Geographical Distributions

Phyla nodiflora is found in tropical and subtropical areas throughout the world. It is found in a wide range of soils but prefers well-drained sandy soils and is of­ten encountered in bordering waterways and near the sea. P. nodiflora can be a common weed in open, waste places at low and medium altitudes. [2]

Botanical Description

P. nodiflora is a member of the Verbenaceae family. It is a perennial creeping herb, with prostrate stems, and mostly rooting at the nodes that can grow up to (10-)30-90 cm tall. The branches are slender, procumbent or ascend­ing, with densely appressed strigillose, to hairy or nearly hairless. [2]

The leaves are decussate, variable, spathulate to obovate or elliptical, measure 1-7 cm x 0.6-2.5 cm, long-or short-wedge-shaped at base, rounded or obtuse at apex, with basally entire margin, sharply serrate above the middle, variably strigillose hairy to hairless on both surfaces and fleshy. The petiole is 2-8 mm long or absent, as well as the stipules. [2]

The inflorescence is an axillary. At first, it is nearly spherical-head-like but later becoming cylindrical and often elongated with age. It measures 1-2.5 cm x 0.5-1 cm long when mature and densely many-flowered. The peduncle is 1-11.5 cm long and bracteolate. The flowers are sessile and subtended by a bract. The sepal is deeply 2-cleft, up to 2 mm long while the petal is purple or pink to white. The mouth is often yellow while the throat is pink-brown. The tube is slightly exserted from the sepal and 4-lobed. The lobes are subequal where the lower lobe is larger and bifid. There are 4 stamens, which are didynamous, included or slightly exserted. The ovary is superior, 2-locular, and with 1 ovule per locule. The stigma is capitate. [2]

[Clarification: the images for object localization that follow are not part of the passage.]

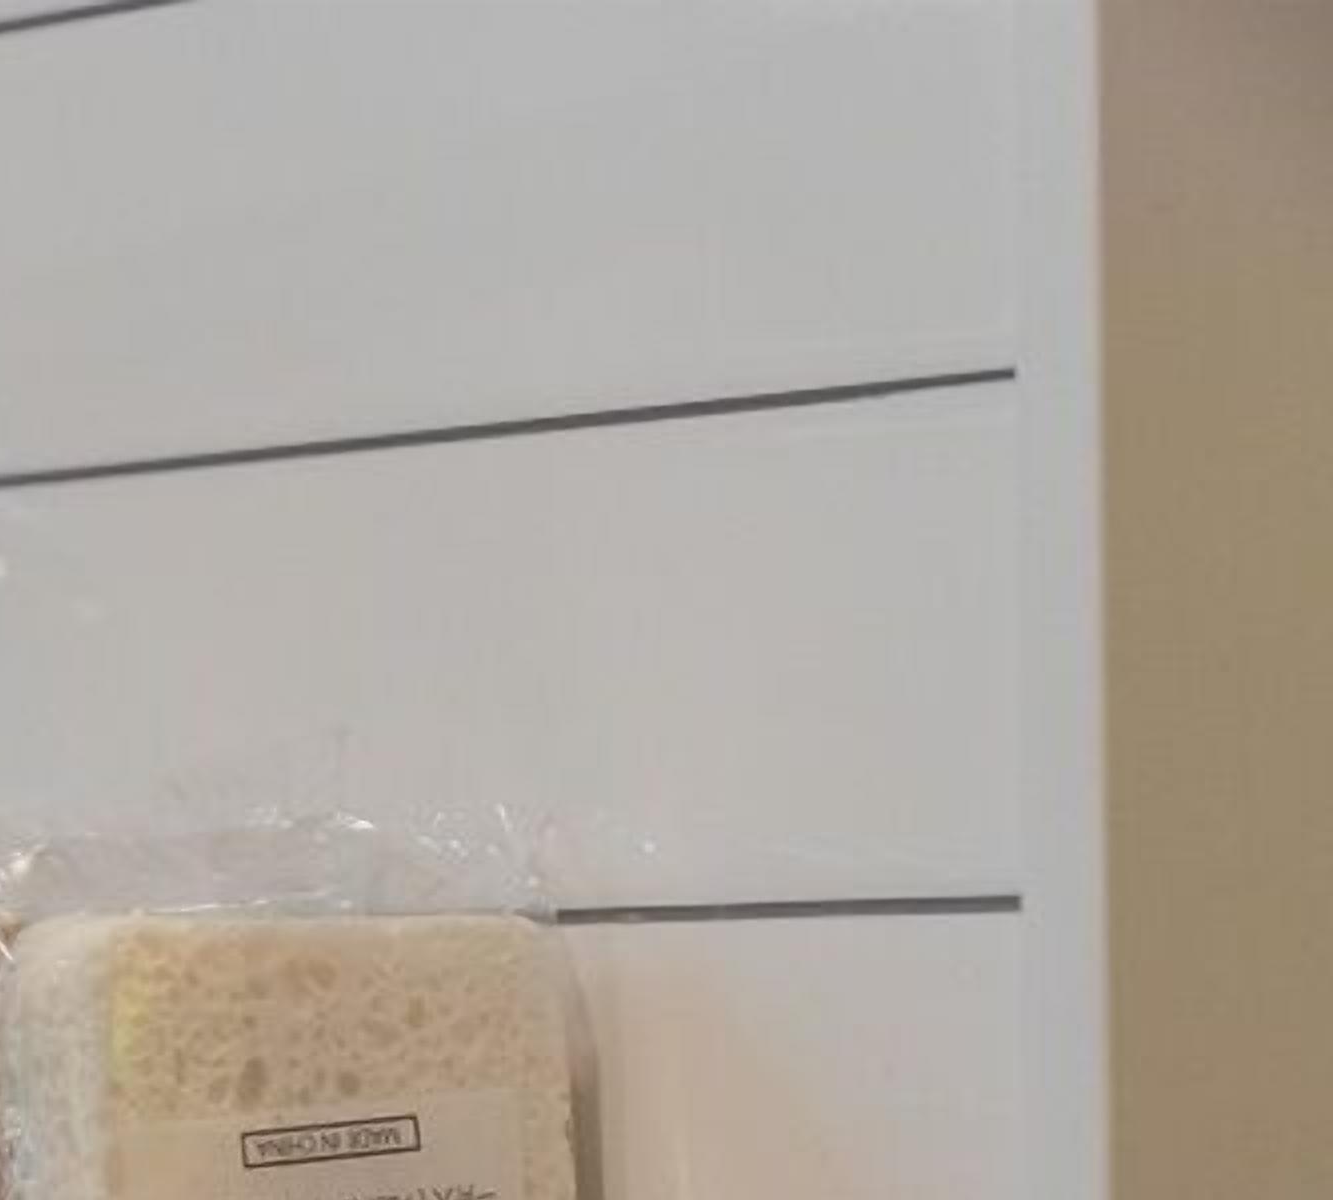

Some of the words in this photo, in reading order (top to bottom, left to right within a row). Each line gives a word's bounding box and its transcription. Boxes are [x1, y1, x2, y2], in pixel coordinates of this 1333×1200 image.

[255, 1134, 317, 1158] CHINA
[320, 1133, 342, 1151] IN
[348, 1128, 403, 1147] MADE
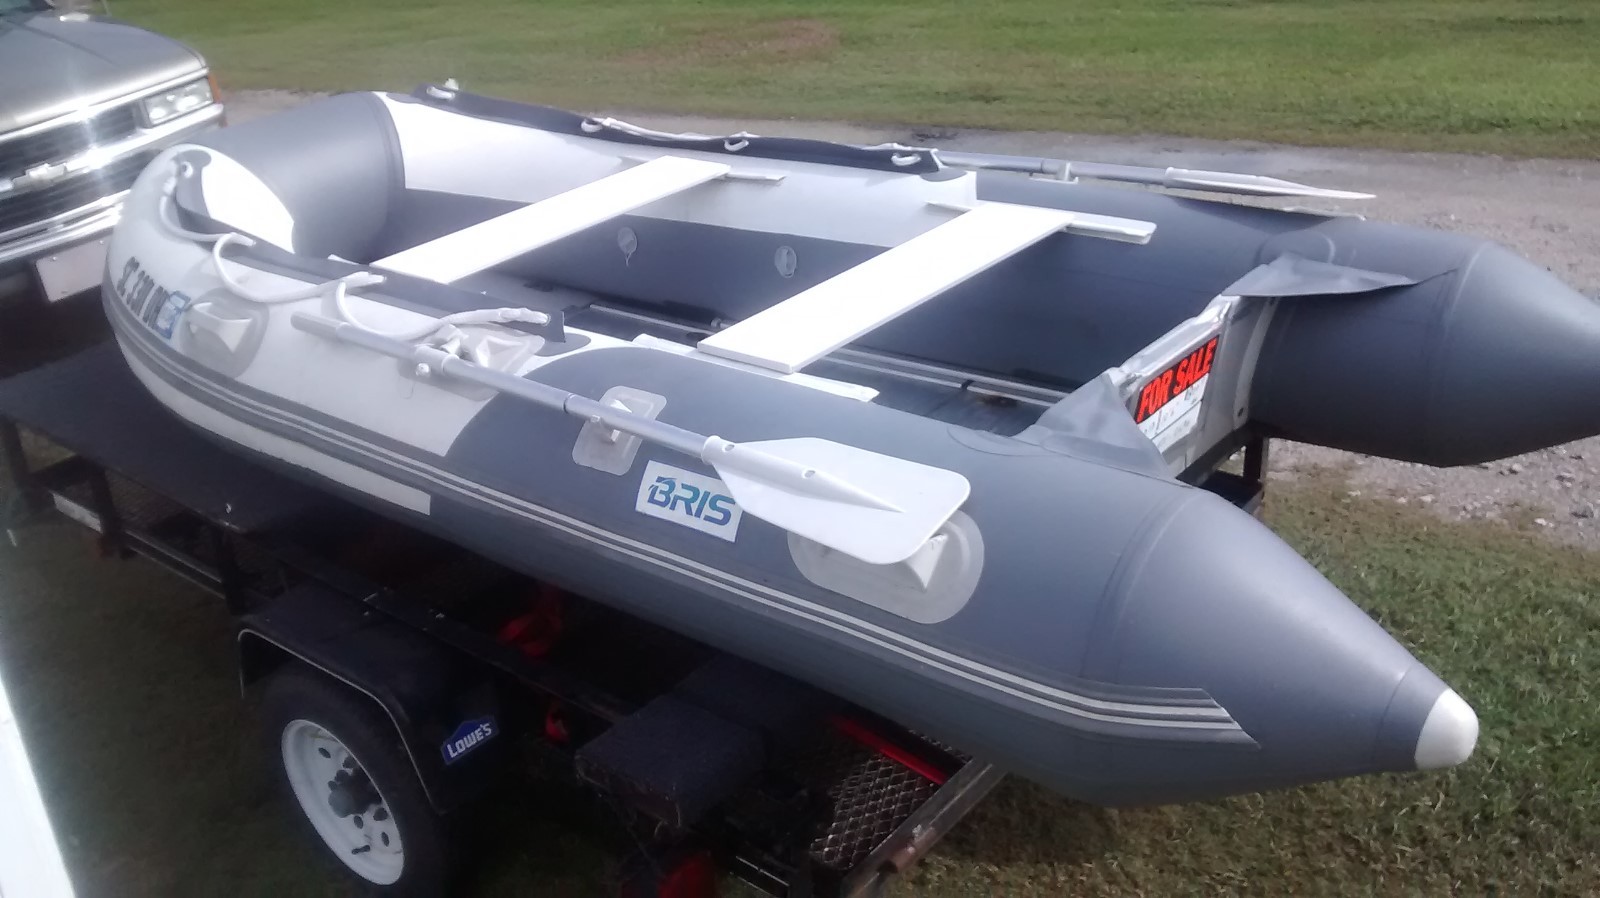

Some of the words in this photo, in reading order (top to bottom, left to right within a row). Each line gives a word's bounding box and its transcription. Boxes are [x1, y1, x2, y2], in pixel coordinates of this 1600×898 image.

[1136, 369, 1174, 423] FOR
[1172, 337, 1218, 395] SALE
[647, 476, 736, 526] BRIS
[446, 722, 492, 758] LOWE'S
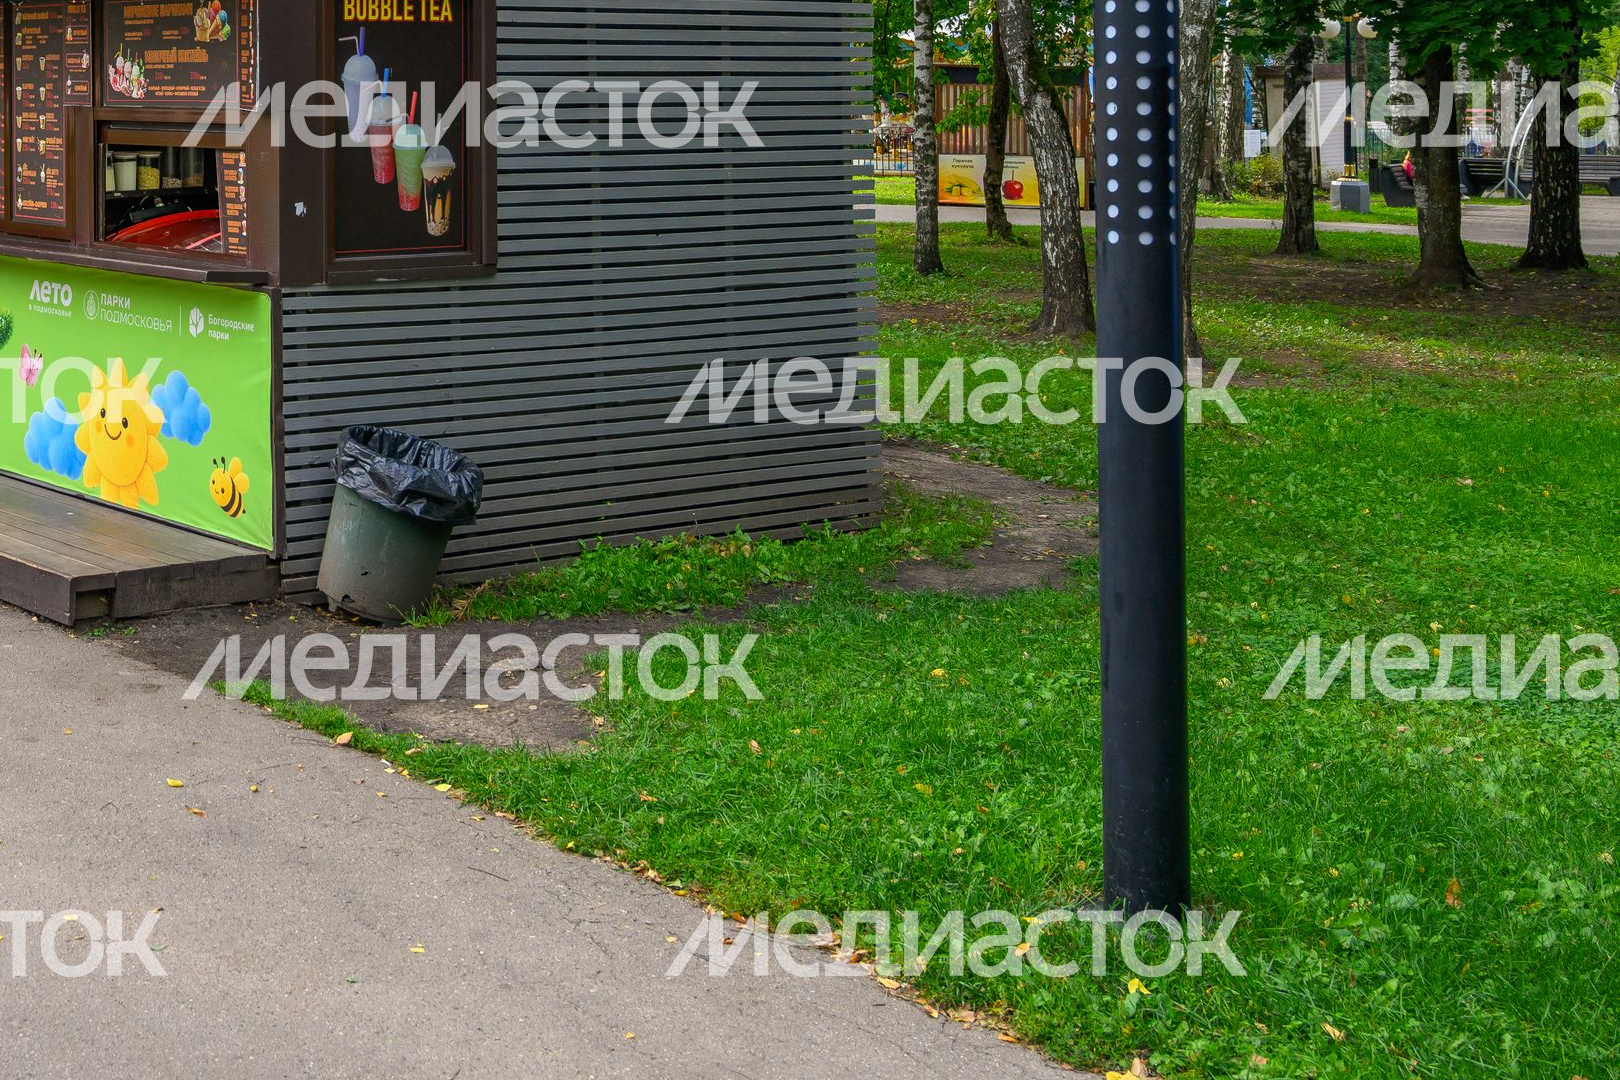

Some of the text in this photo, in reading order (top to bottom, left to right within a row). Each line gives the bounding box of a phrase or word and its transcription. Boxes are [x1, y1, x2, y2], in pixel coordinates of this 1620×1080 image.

[100, 293, 131, 308] ПАРКИ
[100, 308, 173, 333] ПОДМОСКОВЬЯ
[208, 313, 255, 332] Богородские
[208, 329, 230, 341] парки
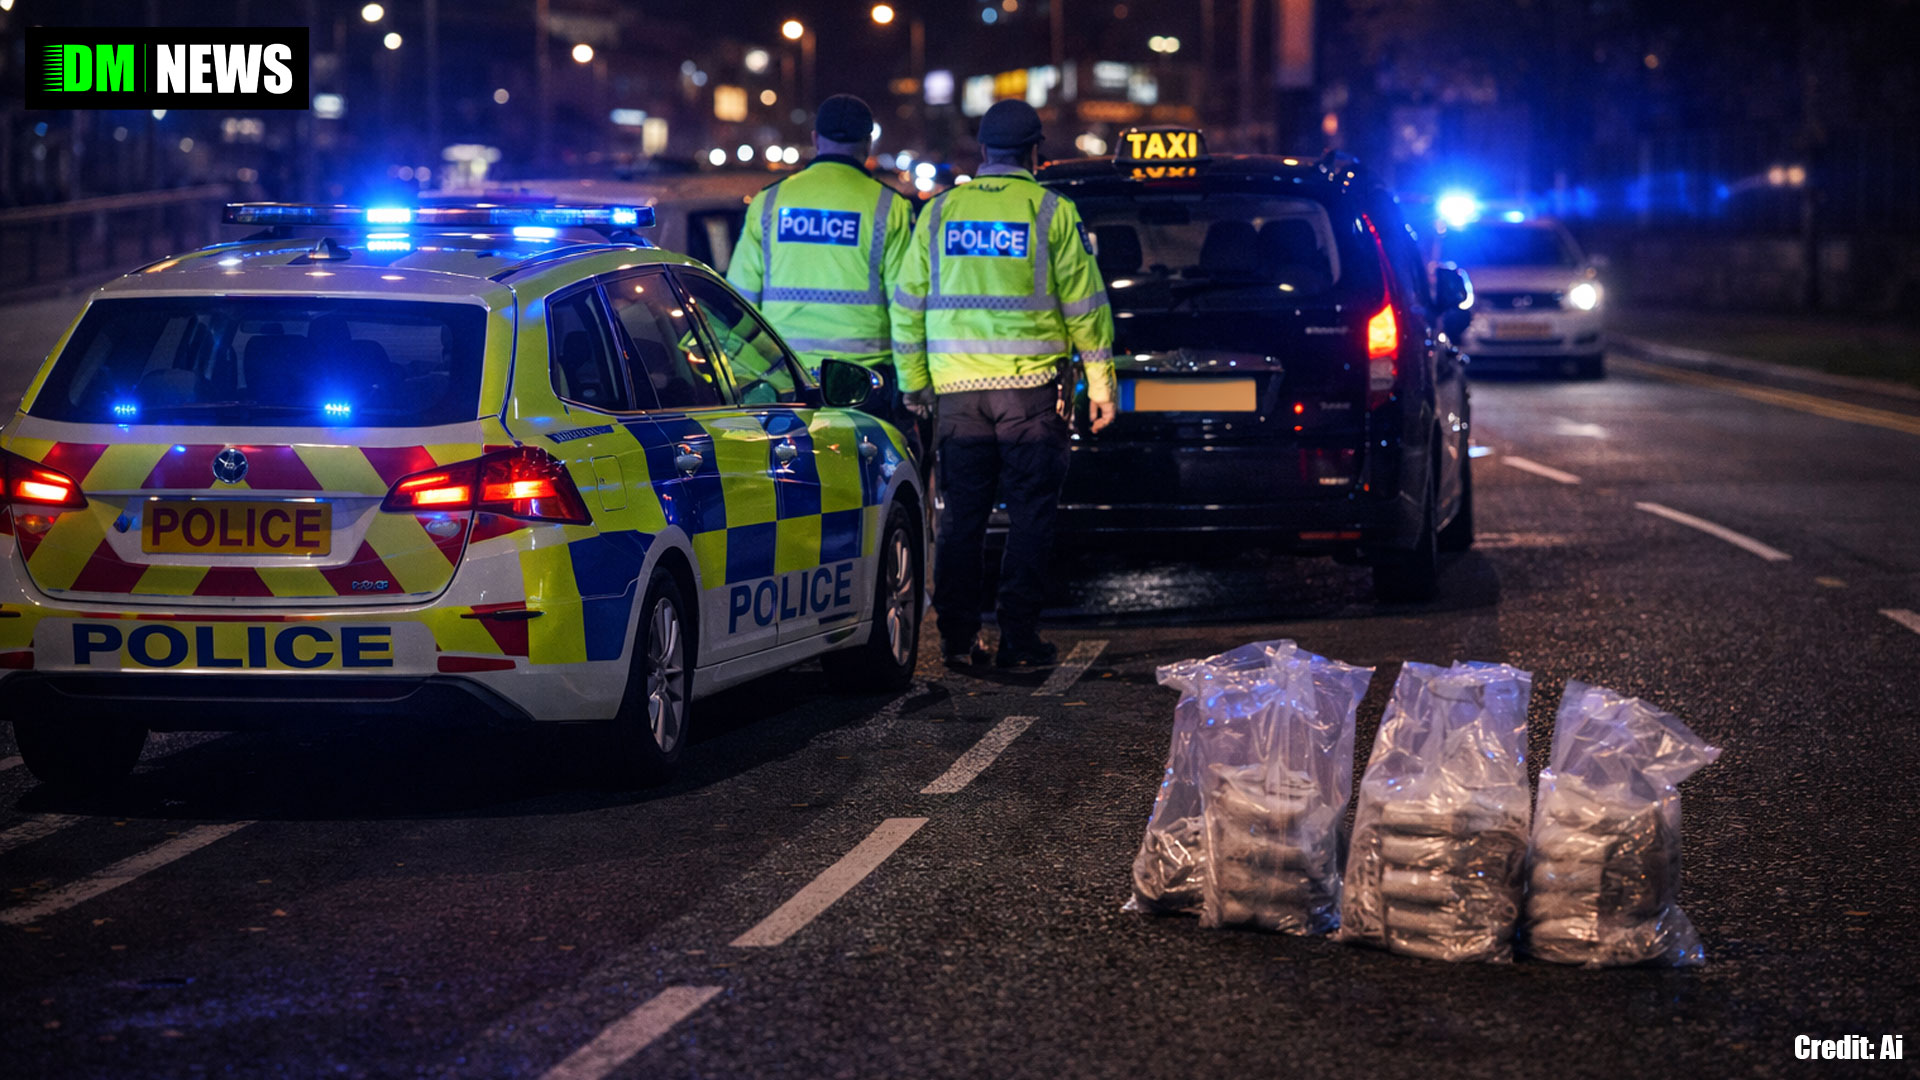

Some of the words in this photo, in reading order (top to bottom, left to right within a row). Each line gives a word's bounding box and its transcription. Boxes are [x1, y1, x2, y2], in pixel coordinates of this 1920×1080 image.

[1126, 132, 1198, 159] TAXI
[780, 216, 857, 239] POLICE
[947, 229, 1026, 250] POLICE
[151, 507, 322, 548] POLICE
[728, 561, 854, 635] POLICE
[72, 623, 394, 669] POLICE
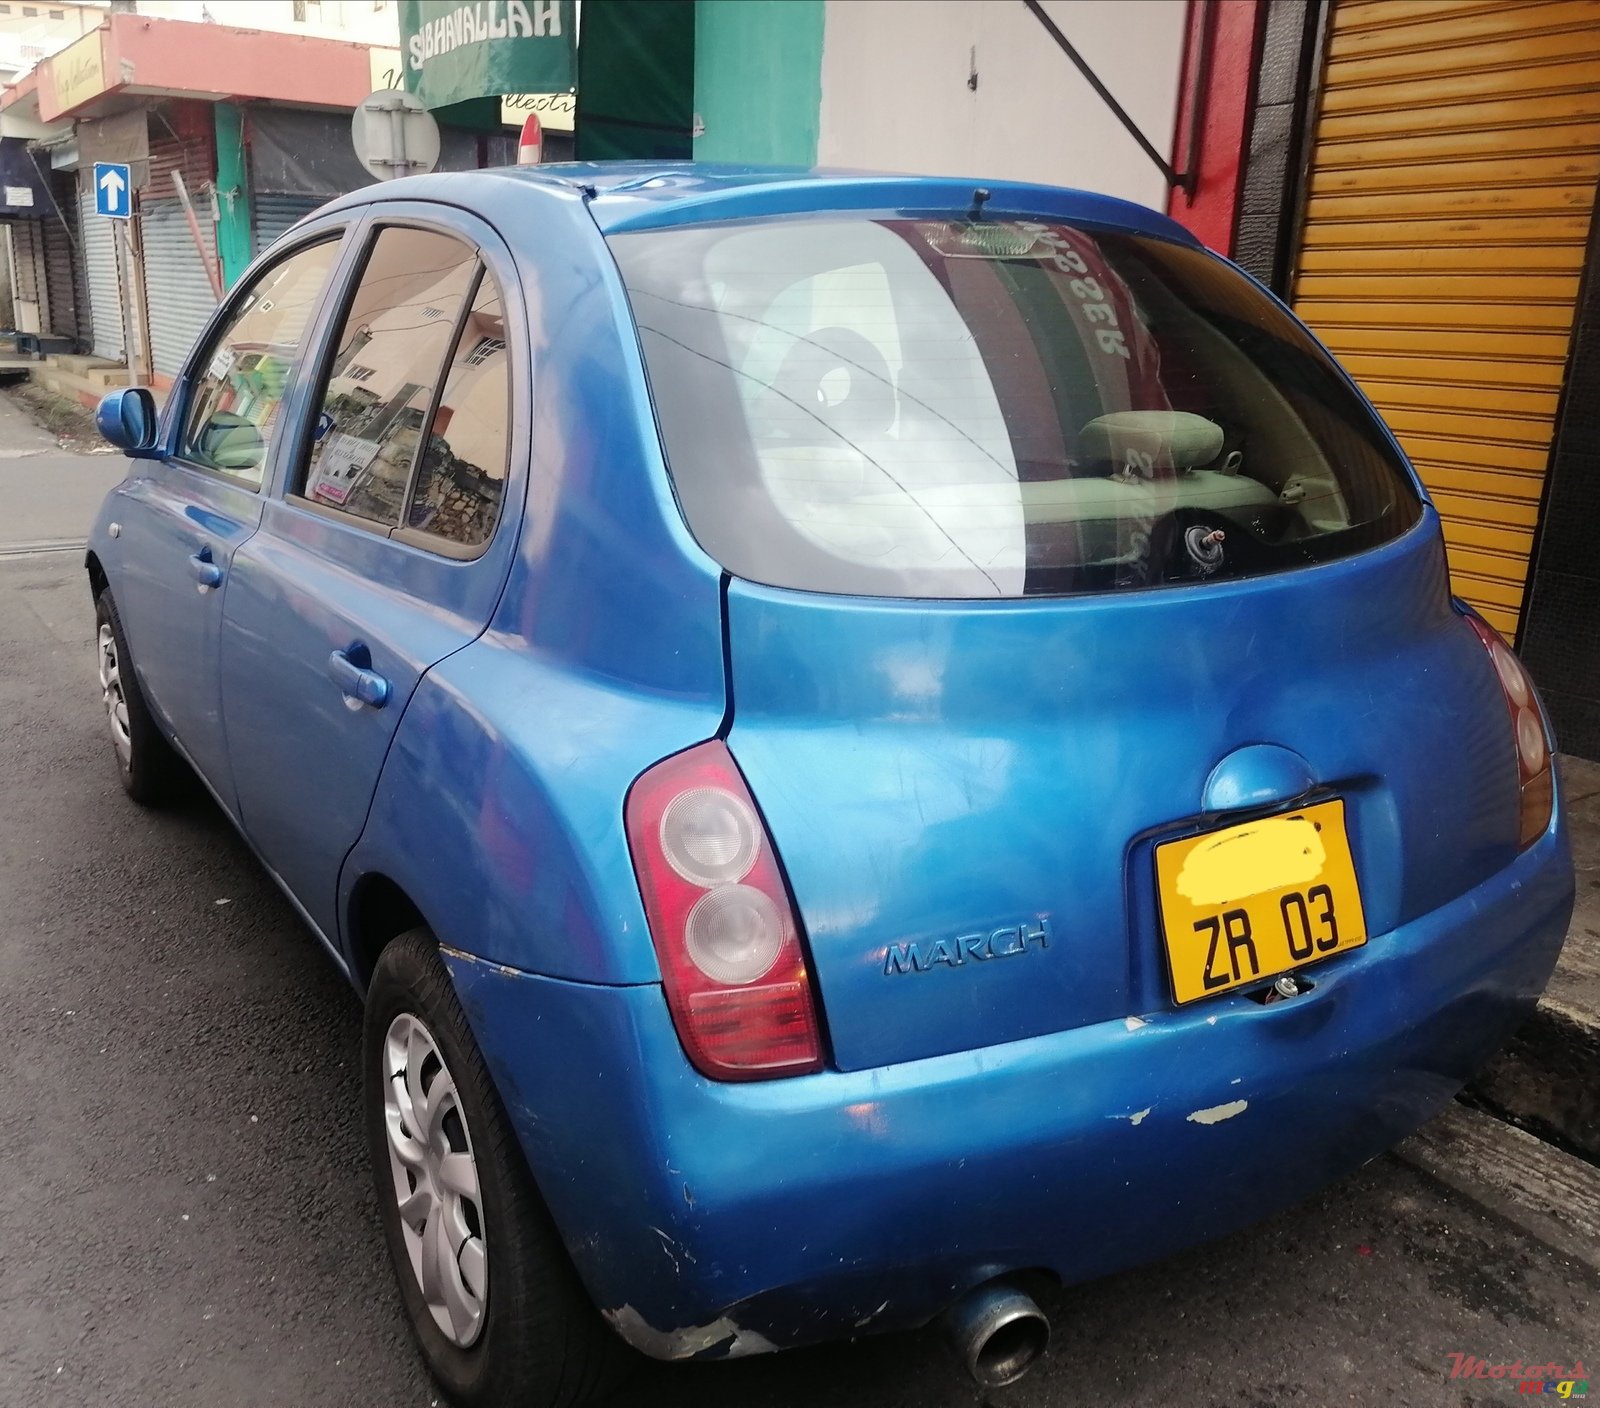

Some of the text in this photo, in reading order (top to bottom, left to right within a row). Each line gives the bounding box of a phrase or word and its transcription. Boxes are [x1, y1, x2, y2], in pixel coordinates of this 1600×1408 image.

[883, 919, 1049, 976] MARCH
[1193, 884, 1337, 990] ZR 03

The fruit is a drupe, 1.5-2 mm long, dry, spherical to oblong and flattened. At maturity, it is divided into 2 planoconvex pyrenes. [2]


No documentation.

Chemical Constituent

No documentation.

Plant Part Used

No documentation.

Traditional Use

No documentation.

Preclinical Data

No documentation.

Clinical Data

No documentation.

Poisonous Management

No documentation.

Line drawing


Figure 1: The line drawing of P. nodiflora [2]


  1. The Plant List. Ver 1.1. Phyla nodiflora (L.) Greene[homepage on the Internet]. c2013 [updated 2012 Mar 26; cited 2015 Jul 28]. Available from:
  2. Chuakul W, Soonthornchareonnon N, Ruangsomboon O. Phyla nodiflora (L.) Greene In: van Valkenburg JLCH, Bunyapraphatsara N, editors. Plant Resources of South-East Asia No. 12(2): Medicinal and poisonous plants 2. Leiden, Netherlands: Backhuys Publisher, 2001; p. 418-420.
  3. Quattrocchi U. CRC world dictionary of medicinal and poisonous plants: Common names, scientific names, eponyms, synonyms, and etymology. Volume IV M-Q. Boca Raton, Florida: CRC Press; 2012. p. 535-536.